I called our first play from scrimmage: “Sweep left, option pass deep.” I took the direct snap from center, moved left, pumping the nose of the ball into my left hand as if intending to pass but my target was covered. As my blocking back moved the defensive end toward the sideline I tucked the ball into the crook of my arm, planted my left foot to quickly turn up field, and ... the lights went out!

Through the crackling sound of cartilage and ligament I saw lightning-colored stars on a liquid black sky. Suddenly, I was on the ground clutching my knee tightly to my chest while rolling from side to side in pain.


That was the beginning! Whirlpool therapy, followed by simple surgery to trim away torn cartilage was standard procedure in those days. Non-standard was reserved for a celebrity quarterback like Joe Namath, who sustained a similar knee injury a short time later. But after trimming torn cartilage, his doctor literally took tucks in his stretched lateral ligaments, cinching up the joint as tight as ever.

But not being a million-dollar QB, the integrity of my knee remained compromised, leading to a lifetime of always stepping off curbs carefully, awkward manipulations to unlock my knee to the extended (usable) position, and three arthroscopic surgeries to suck up the “joint mice” - pieces of floating cartilage throughout the joint. Decades of skiing and tennis were neutralized by several rounds of cortisone shots along the way.

Of course, another severe “sprain” from a high-speed ejection from my Navy jet over Vietnam didn’t help.

The ultimate result of 50 years of cumulative trauma caused one examining orthopedic surgeon to exclaim as he looked over my X-ray, “My God, Coffee, this is the worst knee I’ve ever seen. How did you even walk in here?”

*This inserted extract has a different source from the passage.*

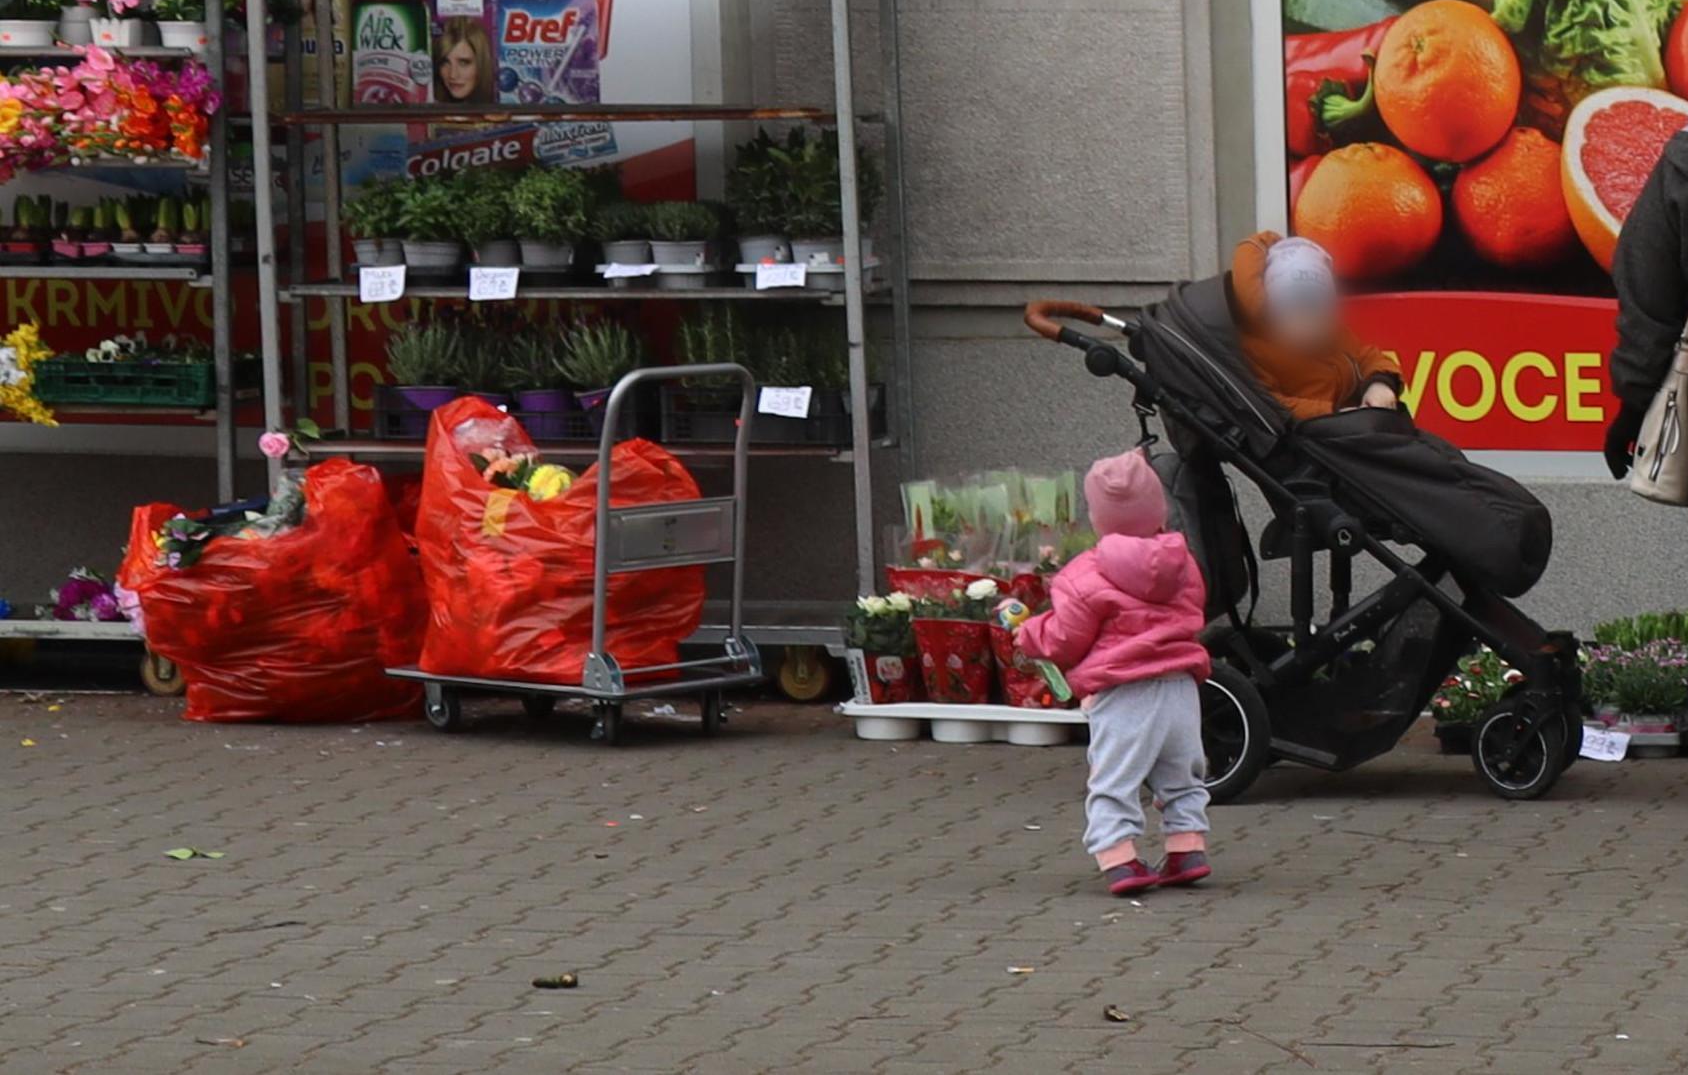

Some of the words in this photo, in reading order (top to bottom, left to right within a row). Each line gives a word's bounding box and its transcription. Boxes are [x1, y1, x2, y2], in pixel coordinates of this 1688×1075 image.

[504, 10, 577, 43] Bref
[405, 138, 522, 179] Colgate
[1382, 350, 1604, 422] VOCE

So, anyway, two weeks ago, Dr. Cass Nakasone, Straub Hospital’s knee and hip specialist, removed what was left of my tired, raggedy knee and installed a new, state-of-the-art stainless and Teflon (or Teflon-like) model. Actually, a resurface job might be more accurate. I use to visualize a “knee replacement” as removing the lower part of the thigh bone (femur) and the upper part of the shin bone (tibia) and inserting a manufactured duplicate knee “joint” in between.

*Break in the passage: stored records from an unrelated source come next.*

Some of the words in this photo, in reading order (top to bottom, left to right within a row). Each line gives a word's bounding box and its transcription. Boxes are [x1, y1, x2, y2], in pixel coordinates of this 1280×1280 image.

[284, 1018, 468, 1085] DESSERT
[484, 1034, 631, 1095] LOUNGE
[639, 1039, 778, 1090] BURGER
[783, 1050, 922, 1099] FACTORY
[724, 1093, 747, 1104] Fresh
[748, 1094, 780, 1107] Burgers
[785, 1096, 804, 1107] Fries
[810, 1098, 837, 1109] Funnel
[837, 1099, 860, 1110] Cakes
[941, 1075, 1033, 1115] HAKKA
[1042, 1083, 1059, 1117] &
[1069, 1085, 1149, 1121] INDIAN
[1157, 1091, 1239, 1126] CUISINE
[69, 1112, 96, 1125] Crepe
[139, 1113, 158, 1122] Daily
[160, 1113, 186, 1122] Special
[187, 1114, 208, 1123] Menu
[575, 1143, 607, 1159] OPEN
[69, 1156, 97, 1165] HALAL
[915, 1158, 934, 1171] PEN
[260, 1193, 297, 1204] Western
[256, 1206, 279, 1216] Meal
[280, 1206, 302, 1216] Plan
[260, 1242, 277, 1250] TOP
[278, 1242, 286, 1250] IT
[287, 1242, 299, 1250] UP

In actuality, it is more of a thorough resurfacing, i.e., the end of the femur is reshaped to fit inside a stainless steel jacket that resembles the end of the old femur but with new, smooth and rounded surfaces. A button-like device reattaches the patella (knee cap) in the same place. The top of the tibia is removed to leave a flat surface, into which a shallow, curved Teflon “socket” is driven. The concave curves of this lower piece match the convex curves on the stainless jacket surrounding the end of the femur for a smooth steel-to-Teflon contact - no more bone-to-bone, no need for cartilage.

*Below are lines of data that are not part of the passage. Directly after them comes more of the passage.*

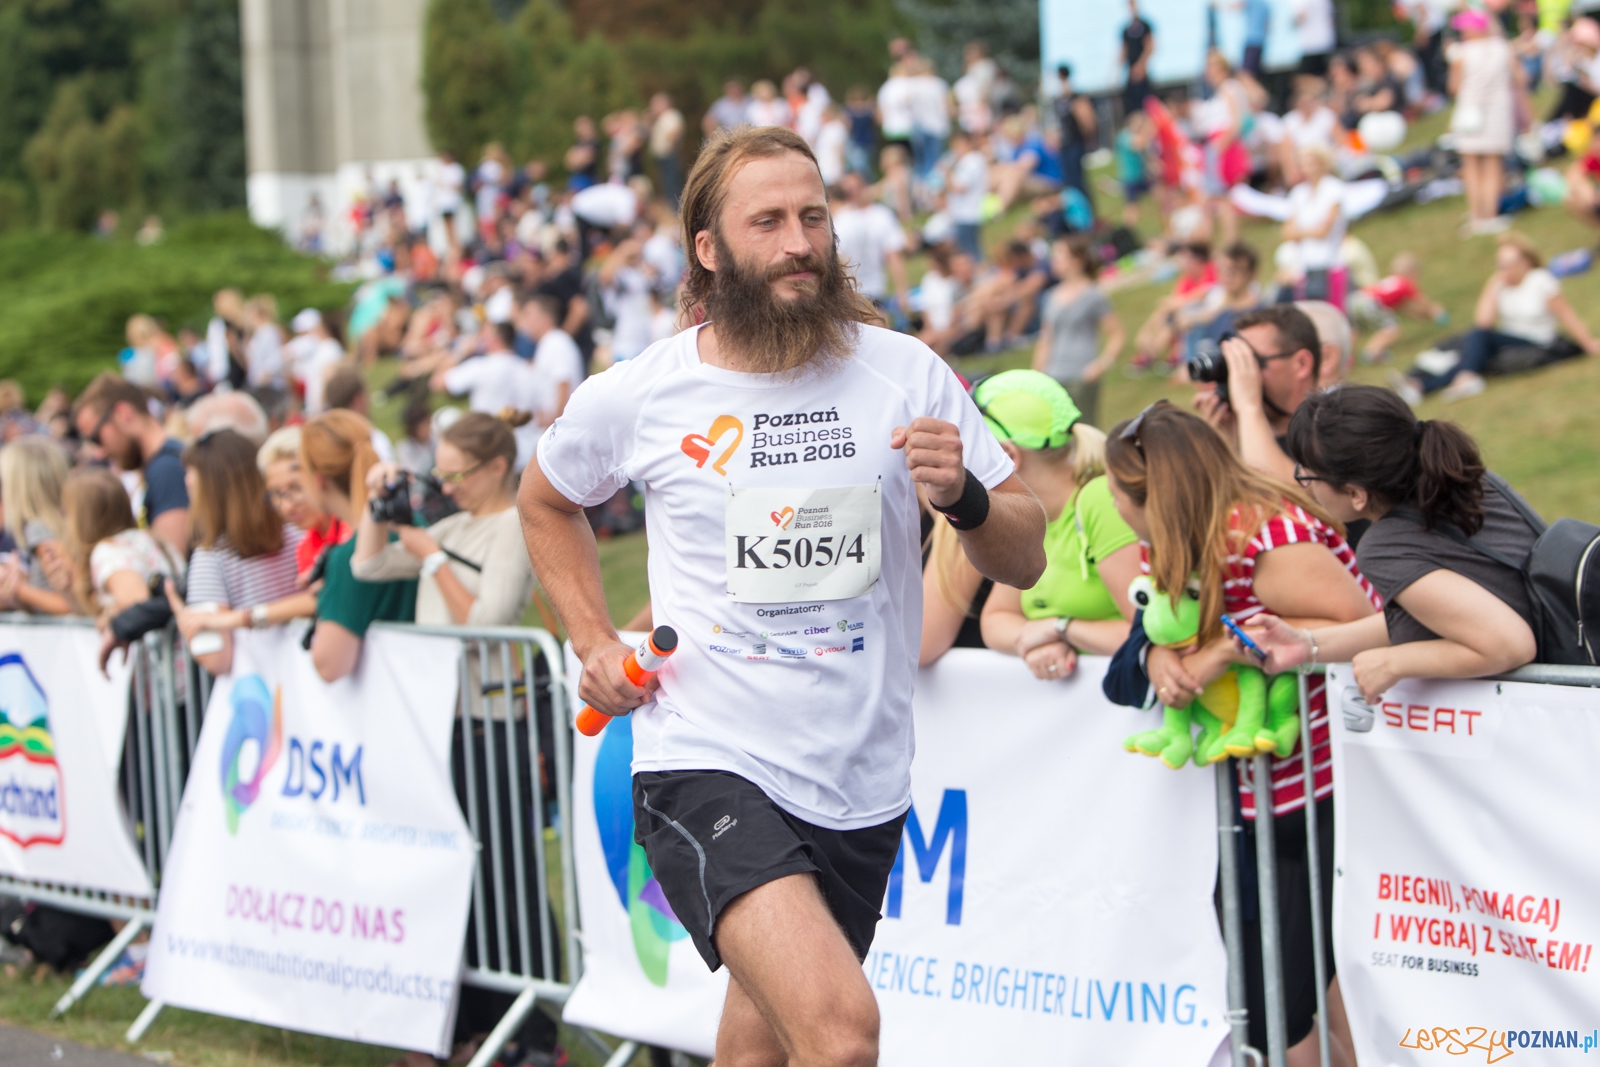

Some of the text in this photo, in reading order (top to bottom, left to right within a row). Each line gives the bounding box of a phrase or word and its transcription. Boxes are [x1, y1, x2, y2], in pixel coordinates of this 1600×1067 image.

[753, 406, 840, 431] Poznań
[751, 427, 853, 449] Business
[750, 442, 856, 468] Run 2016
[795, 513, 833, 521] Business
[797, 505, 829, 514] Poznań
[813, 520, 833, 528] 2016
[733, 533, 865, 569] K505/4
[756, 604, 825, 618] Organizatorzy:
[803, 626, 831, 636] ciber
[823, 646, 847, 654] VEOLIA
[1381, 702, 1482, 736] SEAT
[281, 736, 366, 807] DSM
[225, 884, 406, 944] DOŁĄCZ DO NAS
[1377, 872, 1561, 933] BIEGNIJ, POMAGAJ
[1373, 912, 1594, 974] I WYGRAJ Z SEAT-EM!
[1370, 951, 1479, 978] SEAT FOR BUSINESS
[867, 949, 1210, 1029] IENCE. BRIGHTER LIVING.

Dr. Nakasone is known for his “minimally invasive” surgical technique, which involves less actual cutting of muscle and tendon thereby accelerating the rehabilitation process. Assuming a successful surgery, rehab is considered the real key to a successful outcome.

Unlike only a few years ago, joint-replacement surgery has become fairly routine. Almost everyone knows someone who has had it. In responding to friends inquiries of how I’m doing, I mention I’m recovering from knee-replacement surgery, and the answer is frequently: “Oh yeah, I had both of mine done, ya know!” or, “Hey, good for you. They’re gonna do my hip next month!”

It was only a few weeks ago I wrote about our sweet dog Lucy having her torn ACL fixed with what was essentially a knee reconstruction. Man these days, it’s even hard to get a leg up on the dog.